The hour-long programme explored the plight of the UK’s temperate rainforest. You may not (I didn’t) realise the UK had any temperate rainforest, but it does – and centuries ago it occupied 20% of the country’s area. That is now 0.07%. Sound designer Matt Belcher gave us slightly New Age “sounds of the rainforest” audio between the musical items, with some narration about efforts to save what is left of it. At one point we heard a powersaw cutting down a tree, at which point the players slowly descended to the floor, in a slightly eggy, GCSE Drama moment, only to rise again for the final item.
The music followed a similar contour. Dobrinka Tabakova’s The Patience of Trees, a mini-violin concerto, is has a broadly uplifting shape, from an inchoate opening out of which soloist Emma Purslow’s insistent figuration emerged. Mendelssohn’s Midsummer Night’s Dream Overture is likewise life-affirming. Vagn Holmboe’s peculiar Prelude to the Pollution of Nature initiated the sense of decline only for Nadia Boulanger’s piano solo Vers la vie nouvelle (beautifully played by Zeynep Özsuca Rattle) to mark a re-ascendancy, which was rounded off by Michael Nyman’s assertive Strong of Oaks, Strong on the Causes of Oaks.This musical narrative was the concert’s biggest strength, paced very effectively by conductor Maxime Tortelier (pictured above by Sophie Oliver) who managed to find some interpretative subtlety (above all in the Tabakova) while he was, by necessity, at times something of a director-of-traffic. And this comes to the biggest problem: it is difficult enough getting an orchestra to play together when they are seated alongside each other, and tight ensemble becomes nigh-on impossible when the players are dispersed and punters are constantly wandering through the sightlines.
And some of the music was particularly unforgiving in this regard. The fast violin passagework of the Mendelssohn, the arpeggiated figuration of the second movement of the Tabakova, the finale of the Nyman: in the best circumstances these would all be difficult to get together, and here they often weren’t. But this isn’t to dismiss the (excellent) players or the project altogether: for everything that was lost in rhythmic unanimity there was a gain for the audience member getting a unique insight into the musical innards.This was most obvious in the Mendelssohn, where the familiarity of the piece meant the fresh perspectives were all the fresher. I spent some time by the violas, and by the basses, and heard things I’d never heard before. Less successful was standing by the timpani – you could hear little else – or the horns. Some people opted to sit at the periphery, for a more normally balanced sound, and I can understand that, but for me it was best enjoyed by moving from place to place. Most exhilarating was standing between the conductor and the strings, enjoying literal surround-sound.

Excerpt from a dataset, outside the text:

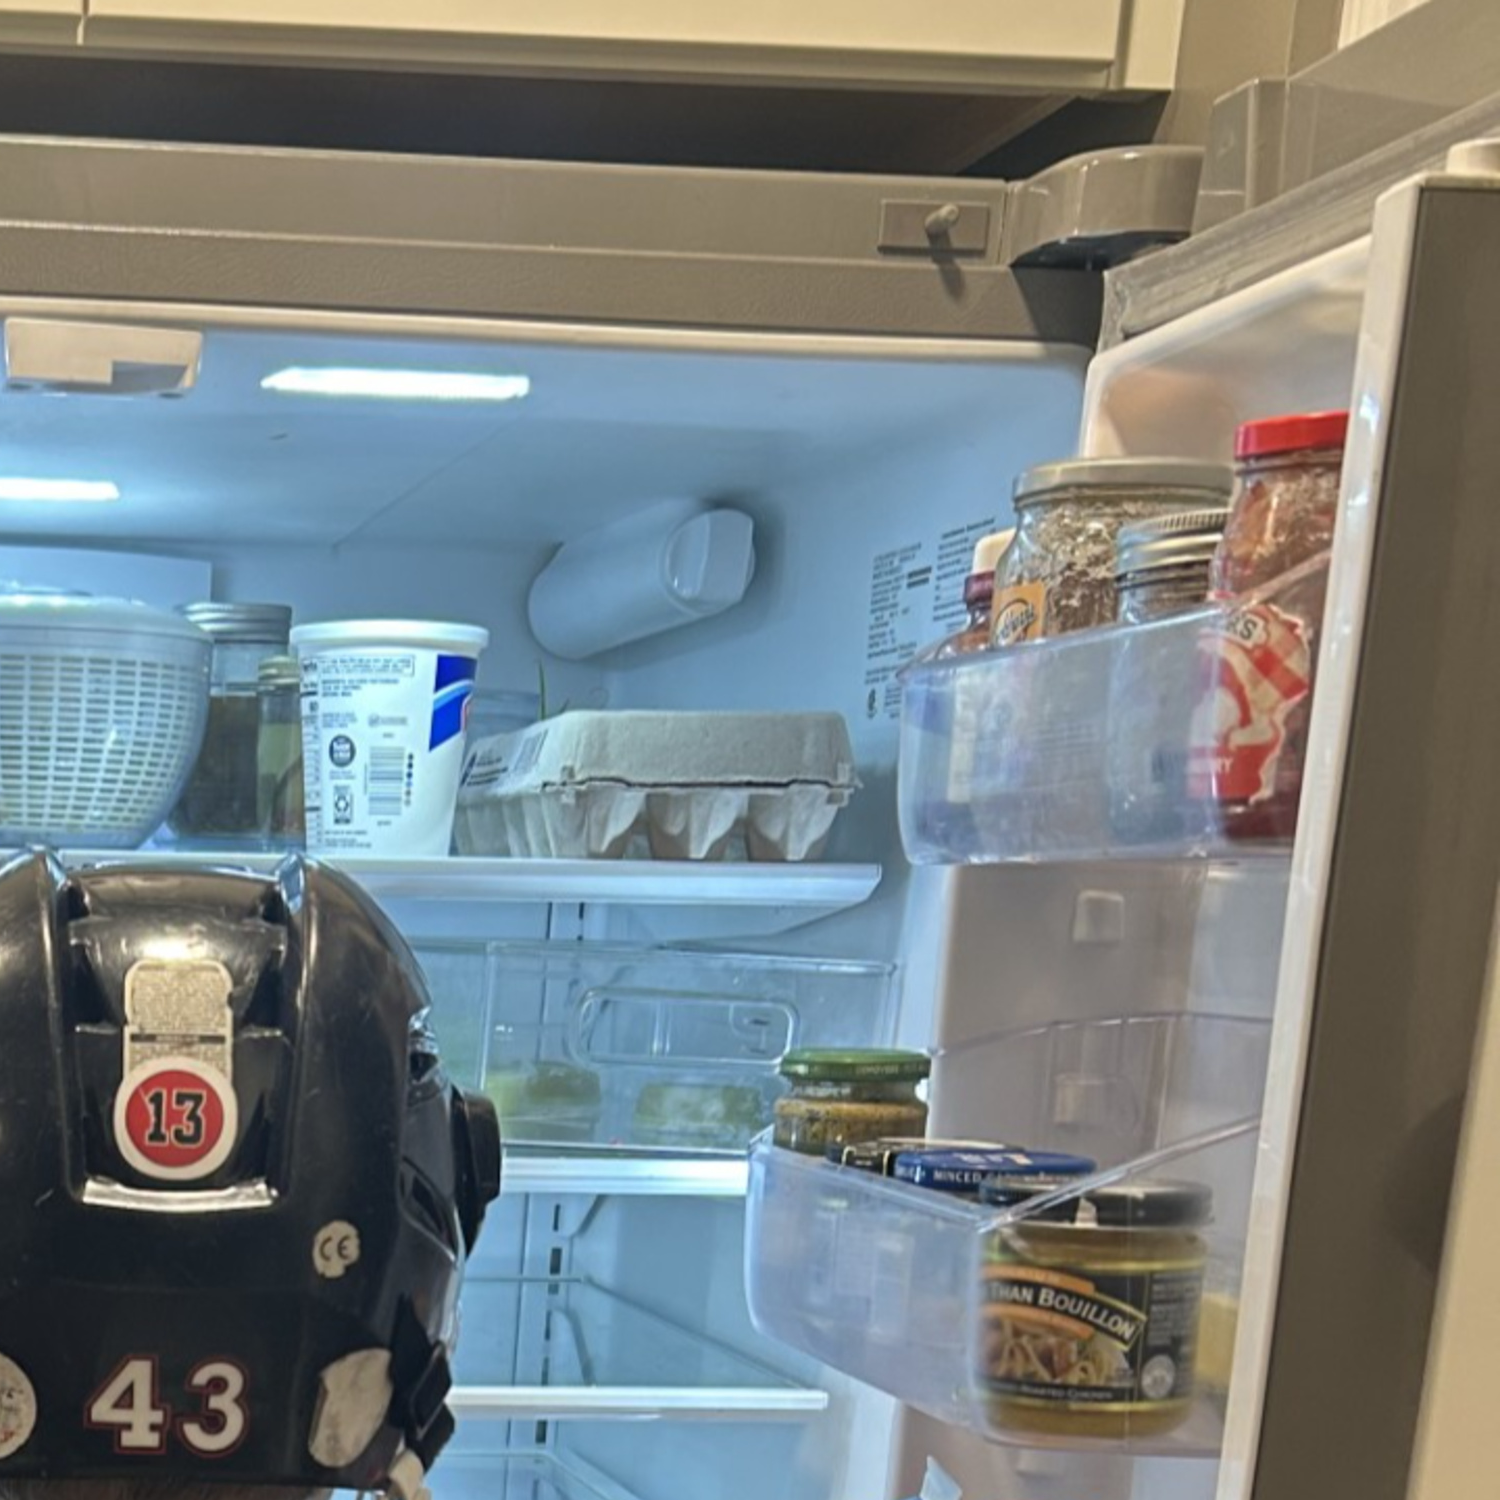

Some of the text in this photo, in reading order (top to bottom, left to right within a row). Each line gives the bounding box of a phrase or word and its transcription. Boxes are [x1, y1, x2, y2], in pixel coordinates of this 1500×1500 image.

Sinfonia Smith Square – until recently the Southbank Sinfonia – is an ensemble for young professionals, and this toying with concert protocols is absolutely something they should be doing. And the audience was notably younger than for most orchestral concerts. The music choices were obviously driven by the theme, otherwise I’m not sure that Nyman’s Strong on Oaks… would really be worthy of programming. It’s not one of his best. Likewise the Holmboe, oddly disjointed, is not something I will rush to hear again. But the Tabakova, with its echoes of Vaughan Williams and Arvo Pärt, held the attention, and the Mendelssohn is as evergreen as the trees in the forest.